1,1 Milliarden Euro teure Lücke

Gelingen nicht noch überrasche­nd große und schnell wirksame Würfe bei der Emissionsr­eduktion, bleibt der Mehrheit der Staaten nur noch der Zukauf von Zertifikat­en, um ihre Ziele zu erreichen. Spart ein Land in einem Jahr mehr CO2 ein als vorgesehen, kann es diese Gutschrift entweder in die nächsten Jahre mitnehmen oder aber damit handeln. Bei einem Preis von 80 bis 100 Euro je Tonne CO2 müsse Österreich bis 2030 mit 1,1 bis 1,4 Milliarden Euro an Kosten rechnen, so die Studie. Bisherige Schätzunge­n des Wifo lagen mit zuletzt 4,7 Milliarden Euro weit darüber.

Voraussetz­ung dafür ist aber, dass überhaupt genug Zertifikat­e auf dem Markt sind. Der Handel ist nur unter EU-Vertragspa­rteien erlaubt. Da diese aber mehrheitli­ch ihre Ziele verpassen, fehlen unter dem Strich Zertifikat­e über 290 Millionen Tonnen CO2. „Der Kauf und Verkauf von CO2-Rechten wird nicht genügen, um die Klimaziele zu erreichen“, so Oswald. Umso weniger, als viele Staaten ihre Gutschrift­en wohl lieber behalten dürften, um sich einen Puffer für die noch schärferen Ziele bis 2040 zu verschaffe­n.

Länder, die ihre Ziele auch über den Zukauf von Zertifikat­en nicht erreichen können, müssen damit rechnen, dass die EU-Kommission zunächst weitere Maßnahmen einfordert.
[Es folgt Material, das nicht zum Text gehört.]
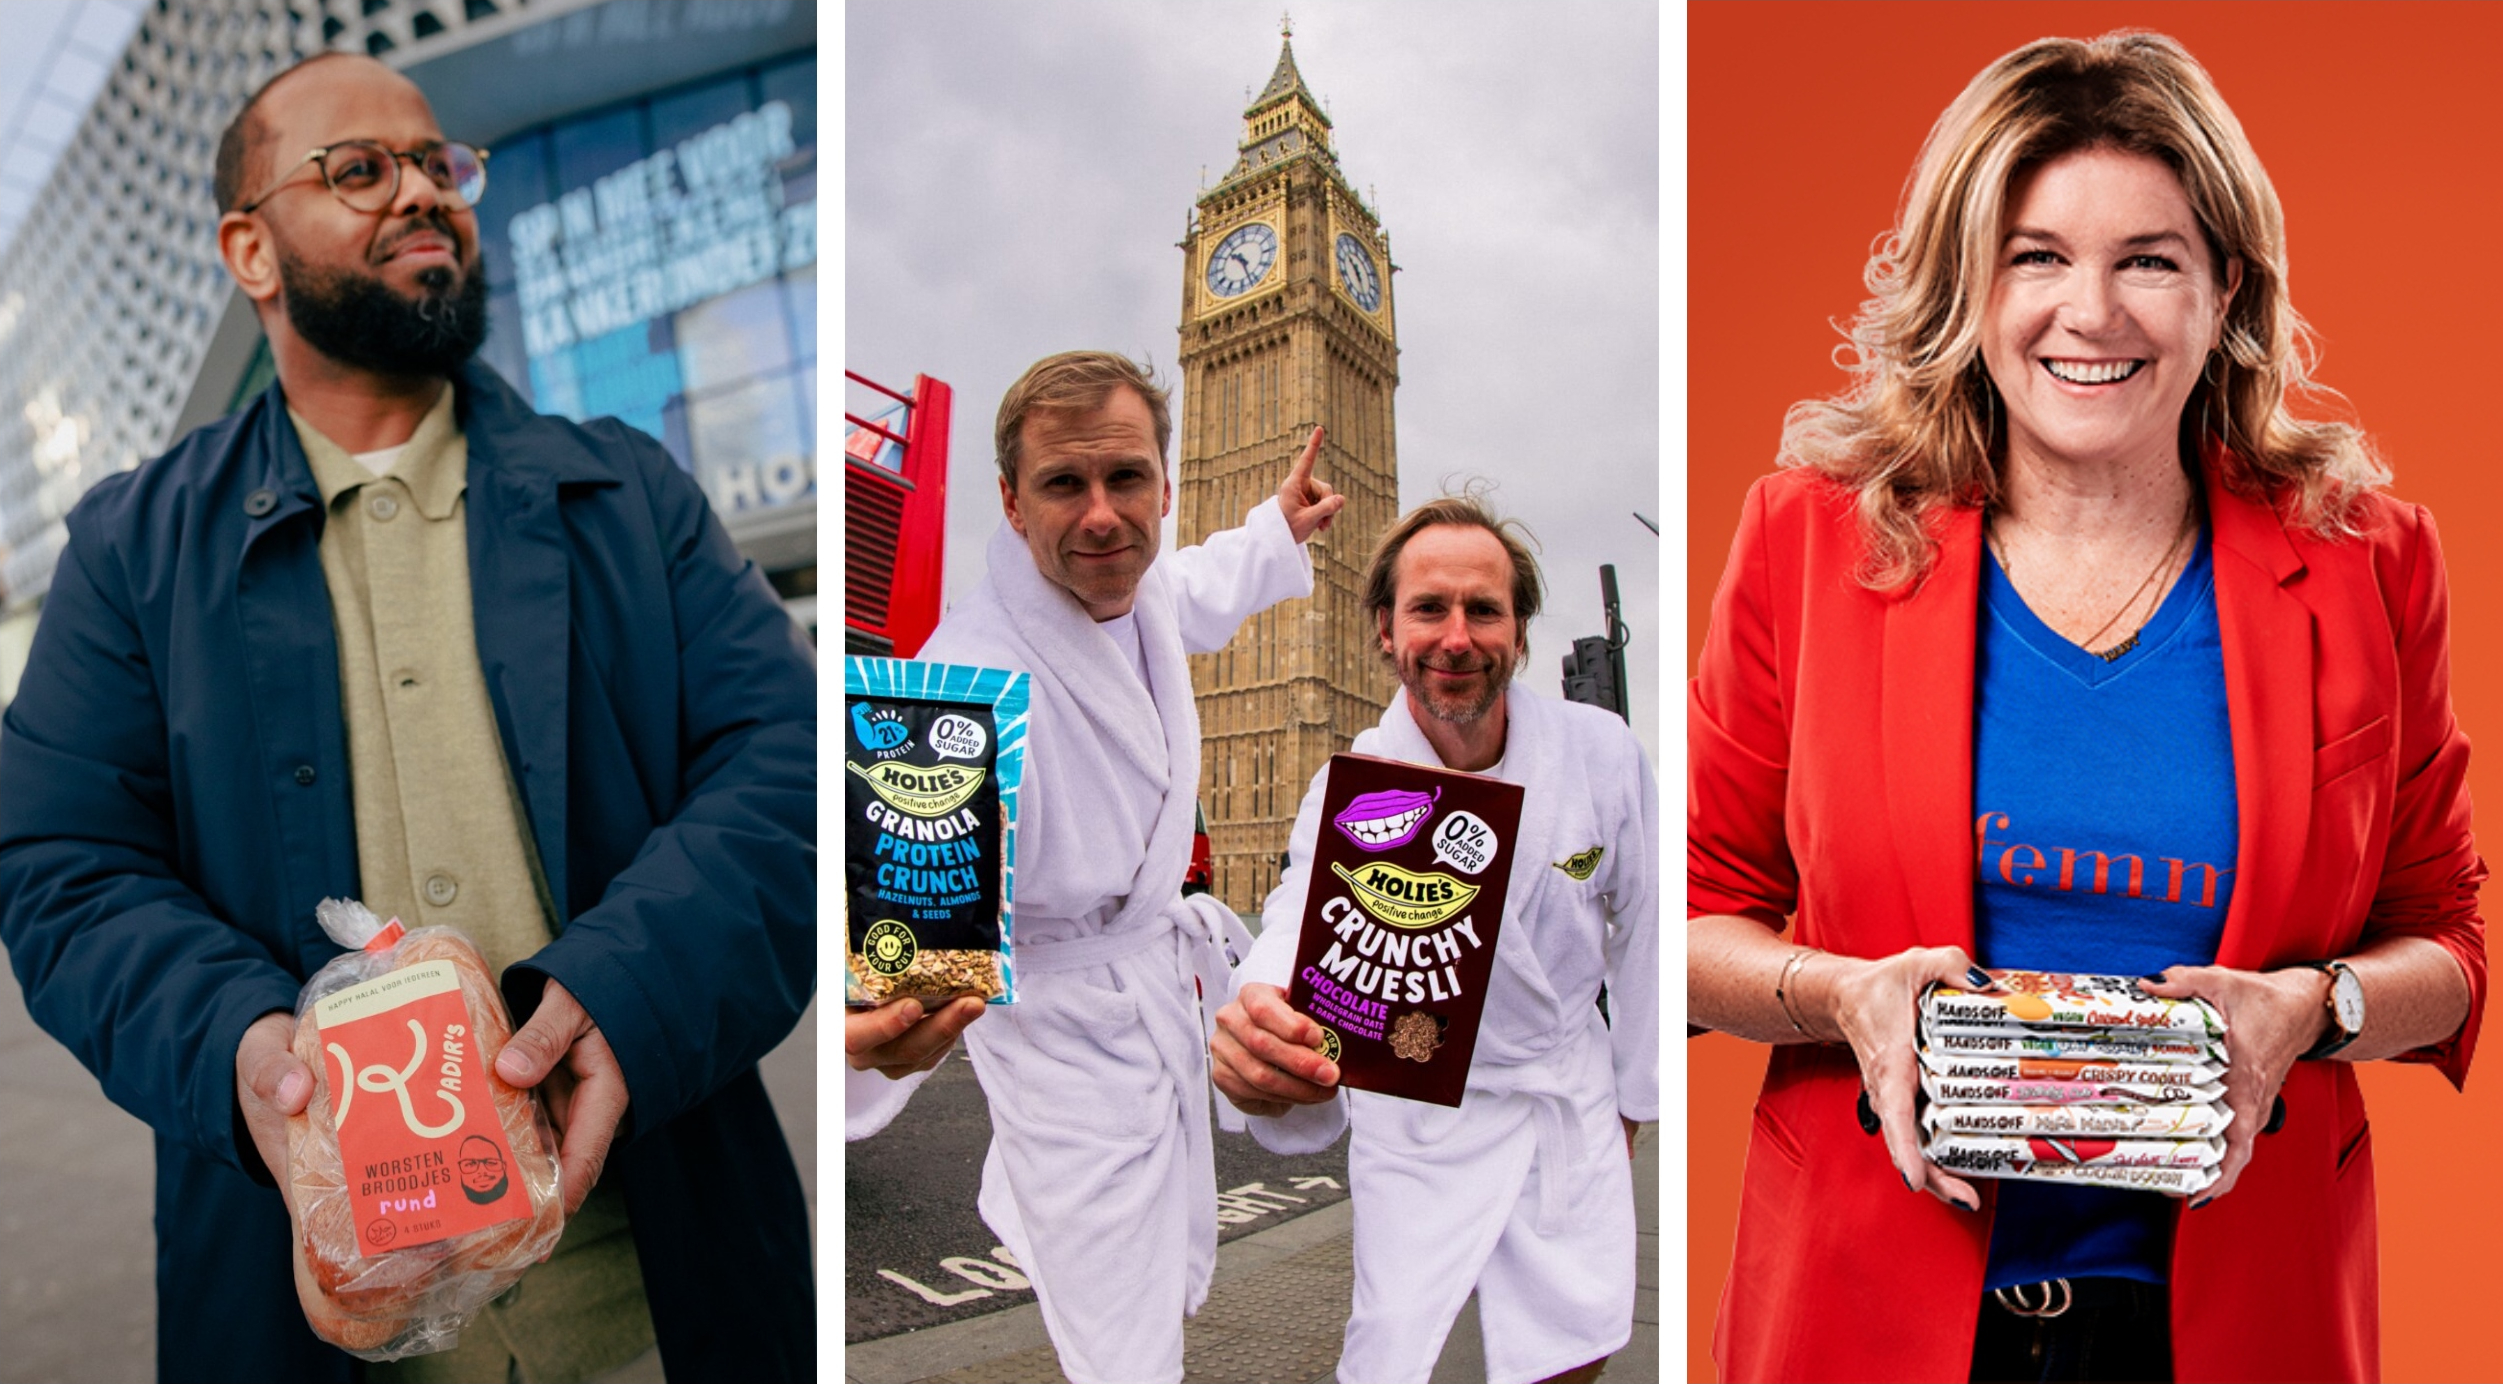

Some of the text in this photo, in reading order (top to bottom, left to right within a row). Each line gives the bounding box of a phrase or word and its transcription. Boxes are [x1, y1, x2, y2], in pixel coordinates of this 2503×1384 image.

Als schärfstes Instrument bliebe die Einleitung eines EU-Vertragsve­rletzungsv­erfahrens. Angesichts der Tatsache, dass just die EU-Schwergewi­chte Deutschlan­d, Frankreich und Italien 2030 zu den größten Klimasünde­rn zählen dürften, ist jedoch fraglich, wie hart die Kommission die Umsetzung der Ziele einfordern wird (können).

Die EU sollte es den Staaten einfacher machen, die Ziele grundsätzl­ich erreichen zu können, ohne dabei den Nutzen für das Klima zu schmälern, heißt es in der Studie. Bis 2020 war es EU-Ländern etwa erlaubt, auch Gutschrift­en für nachgewies­ene Emissionsr­eduktionen in Staaten außerhalb der EU auf ihr eigenes Konto anrechnen zu lassen. Ein ähnlicher Mechanismu­s könnte verhindern, dass die Klimaziele dasselbe Schicksal erleiden wie die Fiskalrege­ln. Seit es die Maastricht-Regeln gibt, werden sie regelmäßig von EU-Ländern ungestraft gebrochen. Alle Drohungen und Vertragsve­rletzungsv­erfahren änderten daran nichts, Geldstrafe­n gab es bis heute noch nie.